Work request
Give back all of the data unchanged. Keep every word as it is.
-.-.-
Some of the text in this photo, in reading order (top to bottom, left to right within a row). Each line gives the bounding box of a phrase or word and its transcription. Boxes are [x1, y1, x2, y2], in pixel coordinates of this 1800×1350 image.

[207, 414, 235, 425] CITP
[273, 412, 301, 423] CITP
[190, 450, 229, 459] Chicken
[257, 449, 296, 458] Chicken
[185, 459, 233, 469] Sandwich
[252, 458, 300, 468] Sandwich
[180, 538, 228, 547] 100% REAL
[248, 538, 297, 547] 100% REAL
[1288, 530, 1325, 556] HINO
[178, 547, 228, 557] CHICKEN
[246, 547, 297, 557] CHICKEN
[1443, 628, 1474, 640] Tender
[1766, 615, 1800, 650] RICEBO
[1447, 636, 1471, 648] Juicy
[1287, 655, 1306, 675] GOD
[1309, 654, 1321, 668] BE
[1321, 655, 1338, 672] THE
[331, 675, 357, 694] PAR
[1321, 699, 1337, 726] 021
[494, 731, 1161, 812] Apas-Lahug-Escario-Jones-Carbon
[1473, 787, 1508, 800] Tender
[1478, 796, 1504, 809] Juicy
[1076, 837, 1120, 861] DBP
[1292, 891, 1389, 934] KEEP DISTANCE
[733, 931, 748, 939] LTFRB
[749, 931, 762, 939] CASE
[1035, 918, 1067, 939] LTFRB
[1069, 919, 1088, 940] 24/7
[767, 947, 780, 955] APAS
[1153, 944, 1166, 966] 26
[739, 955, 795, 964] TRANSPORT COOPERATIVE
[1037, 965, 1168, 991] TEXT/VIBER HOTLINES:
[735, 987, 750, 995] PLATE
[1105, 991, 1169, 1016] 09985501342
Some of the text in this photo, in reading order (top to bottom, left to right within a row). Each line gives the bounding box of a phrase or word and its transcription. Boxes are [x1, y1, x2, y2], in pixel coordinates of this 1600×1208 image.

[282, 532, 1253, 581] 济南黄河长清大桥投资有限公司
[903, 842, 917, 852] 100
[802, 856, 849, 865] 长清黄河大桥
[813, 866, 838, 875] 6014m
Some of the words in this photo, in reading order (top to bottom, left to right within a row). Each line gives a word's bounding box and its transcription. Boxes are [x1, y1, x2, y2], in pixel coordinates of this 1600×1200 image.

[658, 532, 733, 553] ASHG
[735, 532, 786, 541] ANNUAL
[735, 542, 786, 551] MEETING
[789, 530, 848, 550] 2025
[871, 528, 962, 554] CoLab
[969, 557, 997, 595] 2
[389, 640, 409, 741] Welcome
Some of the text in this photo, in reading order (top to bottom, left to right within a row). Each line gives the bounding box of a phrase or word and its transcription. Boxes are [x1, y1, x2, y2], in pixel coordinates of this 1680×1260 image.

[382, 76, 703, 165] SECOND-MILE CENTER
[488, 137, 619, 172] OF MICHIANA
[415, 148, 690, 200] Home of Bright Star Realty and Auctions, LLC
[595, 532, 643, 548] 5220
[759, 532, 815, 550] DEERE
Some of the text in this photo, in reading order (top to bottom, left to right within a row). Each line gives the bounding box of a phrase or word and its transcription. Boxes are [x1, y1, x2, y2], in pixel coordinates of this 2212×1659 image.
-.-.-
Answer below
Some of the text in this photo, in reading order (top to bottom, left to right within a row). Each line gives the bounding box of a phrase or word and its transcription. Boxes are [x1, y1, x2, y2], in pixel coordinates of this 1800×1350 image.

[207, 414, 235, 425] CITP
[273, 412, 301, 423] CITP
[190, 450, 229, 459] Chicken
[257, 449, 296, 458] Chicken
[185, 459, 233, 469] Sandwich
[252, 458, 300, 468] Sandwich
[180, 538, 228, 547] 100% REAL
[248, 538, 297, 547] 100% REAL
[1288, 530, 1325, 556] HINO
[178, 547, 228, 557] CHICKEN
[246, 547, 297, 557] CHICKEN
[1443, 628, 1474, 640] Tender
[1766, 615, 1800, 650] RICEBO
[1447, 636, 1471, 648] Juicy
[1287, 655, 1306, 675] GOD
[1309, 654, 1321, 668] BE
[1321, 655, 1338, 672] THE
[331, 675, 357, 694] PAR
[1321, 699, 1337, 726] 021
[494, 731, 1161, 812] Apas-Lahug-Escario-Jones-Carbon
[1473, 787, 1508, 800] Tender
[1478, 796, 1504, 809] Juicy
[1076, 837, 1120, 861] DBP
[1292, 891, 1389, 934] KEEP DISTANCE
[733, 931, 748, 939] LTFRB
[749, 931, 762, 939] CASE
[1035, 918, 1067, 939] LTFRB
[1069, 919, 1088, 940] 24/7
[767, 947, 780, 955] APAS
[1153, 944, 1166, 966] 26
[739, 955, 795, 964] TRANSPORT COOPERATIVE
[1037, 965, 1168, 991] TEXT/VIBER HOTLINES:
[735, 987, 750, 995] PLATE
[1105, 991, 1169, 1016] 09985501342
Some of the text in this photo, in reading order (top to bottom, left to right within a row). Each line gives the bounding box of a phrase or word and its transcription. Boxes are [x1, y1, x2, y2], in pixel coordinates of this 1600×1208 image.

[282, 532, 1253, 581] 济南黄河长清大桥投资有限公司
[903, 842, 917, 852] 100
[802, 856, 849, 865] 长清黄河大桥
[813, 866, 838, 875] 6014m
Some of the words in this photo, in reading order (top to bottom, left to right within a row). Each line gives a word's bounding box and its transcription. Boxes are [x1, y1, x2, y2], in pixel coordinates of this 1600×1200 image.

[658, 532, 733, 553] ASHG
[735, 532, 786, 541] ANNUAL
[735, 542, 786, 551] MEETING
[789, 530, 848, 550] 2025
[871, 528, 962, 554] CoLab
[969, 557, 997, 595] 2
[389, 640, 409, 741] Welcome
Some of the text in this photo, in reading order (top to bottom, left to right within a row). Each line gives the bounding box of a phrase or word and its transcription. Boxes are [x1, y1, x2, y2], in pixel coordinates of this 1680×1260 image.

[382, 76, 703, 165] SECOND-MILE CENTER
[488, 137, 619, 172] OF MICHIANA
[415, 148, 690, 200] Home of Bright Star Realty and Auctions, LLC
[595, 532, 643, 548] 5220
[759, 532, 815, 550] DEERE
Some of the text in this photo, in reading order (top to bottom, left to right within a row). Each line gives the bounding box of a phrase or word and its transcription. Boxes are [x1, y1, x2, y2], in pixel coordinates of this 2212×1659 image.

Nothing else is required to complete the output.